St. Alfege Church, Greenwich, 1712-1714 (with window details); St. Anne’s Limehouse, 1714-27 (on the grounds of which there is a pyramid); St. George in the East, Wapping, 1714-1729 (I did not have time to make it out to Wapping, so I have “borrowed” a picture from here and a drawing of the facade from the George III topographical collection at the British Library. Next time!); St. Mary Woolnoth, 1716-27, right in the center of the City of London (very wide and narrow steeple); Two collaborations with John James, 1727-33: St. Luke’s, Old Street and St. John’s Horsleydown, demolished after World War II (from the Collections of the Metropolitan Archives of London). Similar fluted spires, but St. John’s had a comet on top!

So we have all sorts of classical elements, combined with more whimsical ones: columns, pyramids, obelisks, unicorns, comets. Mathematical precision and clocks. I don’t think this adds up to anything particularly pagan, much less sinister (somehow Hawksmoor acquired the moniker “the Devil’s Architect”–I’m not sure if this is a creation of his time or ours): I just think he was a man of his time, which was of course the Enlightenment. Quite a modern man, who ascended to the heights of a gentleman’s profession on his merits alone and worked primarily for institutions rather than patrons. He was impressive and his work remains impressive. I’m not precisely sure what his creative contributions were relative to those of his mentor, Christopher Wren, but I really felt Hawksmoor’s presence at Greenwich, almost as much as Christ Church, Spitalfields: maybe I’m getting a bit “psychogeographical” myself! Unfortunately we don’t seem to have this particular field of inquiry in the States: we’re just not that attached to our built environment to get that introspective about it.

Hawksmoor Greenwich

Hawksmoor Greenwich 2

So now I’m home, with only a few Hawksmoor books to sustain me. I need more: so now I’m going about collecting more texts, and some images that rival, or at least capture, the magnificence of Hawkmoor’s buildings. I really like the work of Andrew Ingamells, who has rendered several of Hawksmoor’s churches in aquatint etchings, and I would almost kill for Pablo Bronstein’s Four Alternate Designs for a Lighthouse in the Style of Nicholas Hawksmoor (Bronstein also designed and commissioned the construction of an actual Hawksmoor beach hut in the form of a lighthouse at  Folkestone, which you can see here).
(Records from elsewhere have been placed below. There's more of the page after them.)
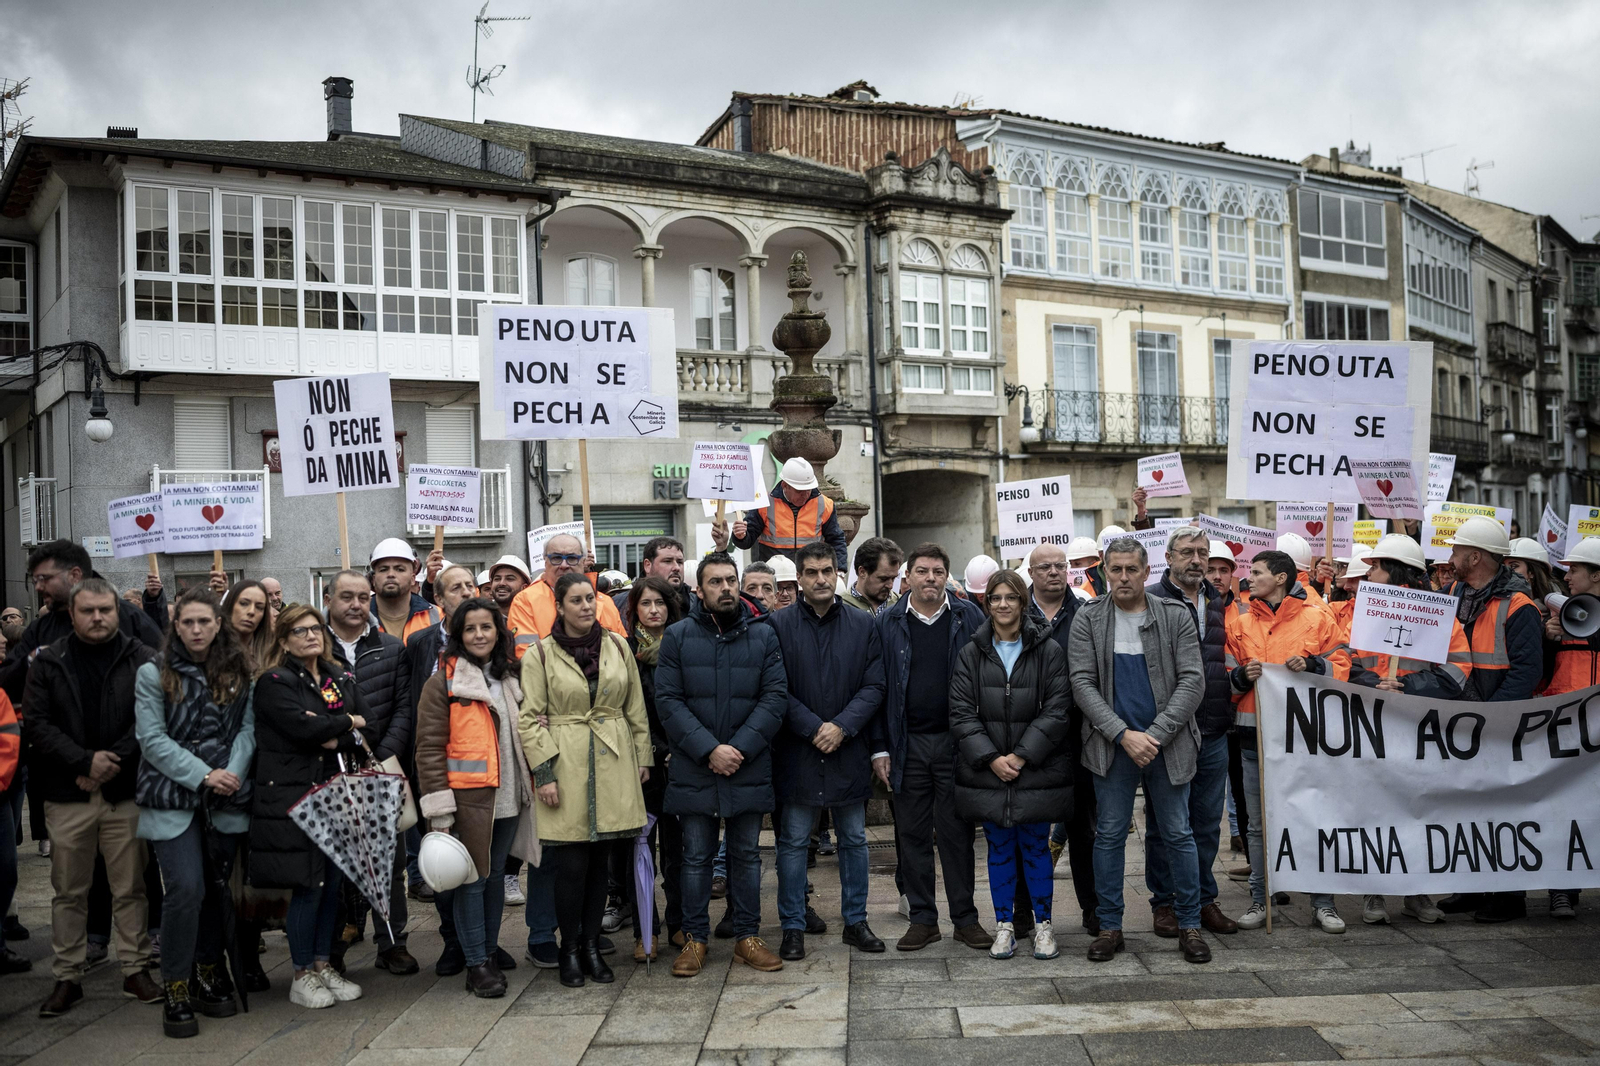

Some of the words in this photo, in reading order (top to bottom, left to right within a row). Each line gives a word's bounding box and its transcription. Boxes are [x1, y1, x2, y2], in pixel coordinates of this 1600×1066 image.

[499, 318, 636, 342] PENOUTA
[506, 362, 568, 384] NON
[597, 363, 626, 385] SE
[1254, 353, 1394, 378] PENOUTA
[308, 378, 351, 415] NON
[513, 401, 610, 425] PECHA
[1252, 411, 1315, 434] NON
[1354, 416, 1386, 438] SE
[304, 418, 314, 452] Ó
[329, 417, 382, 447] PECHE
[306, 456, 328, 484] DA
[336, 450, 391, 488] MINA
[1256, 453, 1352, 477] PECHA
[1390, 470, 1394, 478] É
[184, 497, 221, 506] MINERIA
[224, 495, 228, 504] É
[419, 490, 465, 498] MENTIROSOS
[997, 488, 1030, 501] PENSO
[1042, 482, 1060, 496] NO
[121, 507, 151, 517] MINERIA
[1016, 510, 1053, 523] FUTURO
[1432, 515, 1452, 524] STOP
[1451, 507, 1495, 516] ECOLOXETAS
[1135, 529, 1168, 539] CONTAMINA!
[1206, 519, 1219, 527] MINA
[1235, 526, 1274, 538] CONTAMINA!
[1001, 536, 1036, 547] URBANITA
[1041, 534, 1069, 545] PURO
[1213, 530, 1241, 542] MINERIA
[1249, 539, 1270, 547] VIDA!
[1367, 597, 1389, 607] TSXG,
[1408, 604, 1444, 616] FAMILIAS
[1406, 592, 1455, 605] CONTAMINA!
[1366, 609, 1402, 621] ESPERAN
[1403, 615, 1438, 627] XUSTICIA
[1285, 687, 1386, 759] NON
[1416, 708, 1486, 760] AO
[1275, 828, 1297, 872] A
[1318, 826, 1408, 874] MINA
[1426, 821, 1543, 874] DANOS
[1567, 820, 1593, 871] A
Ingamells Hawksmoor Collage

Hawksmoor Collage2

Hawksmoor Pablo Bronstein

Hawksmoor books

Trinity and Hawksmoor

Aquatint etchings of Hawksmoor churches by Andrew Ingamells, from a selection here; Pablo Bronstein’s “Four Alternate Designs”, Herald Street Gallery;  Architectural and historical analysis from Owen Hopkins and Mohsen Mostafavi and beautiful black and white photographs by Hélène Binet; just finishing up Ackroyd’s engaging Hawksmoor this morning!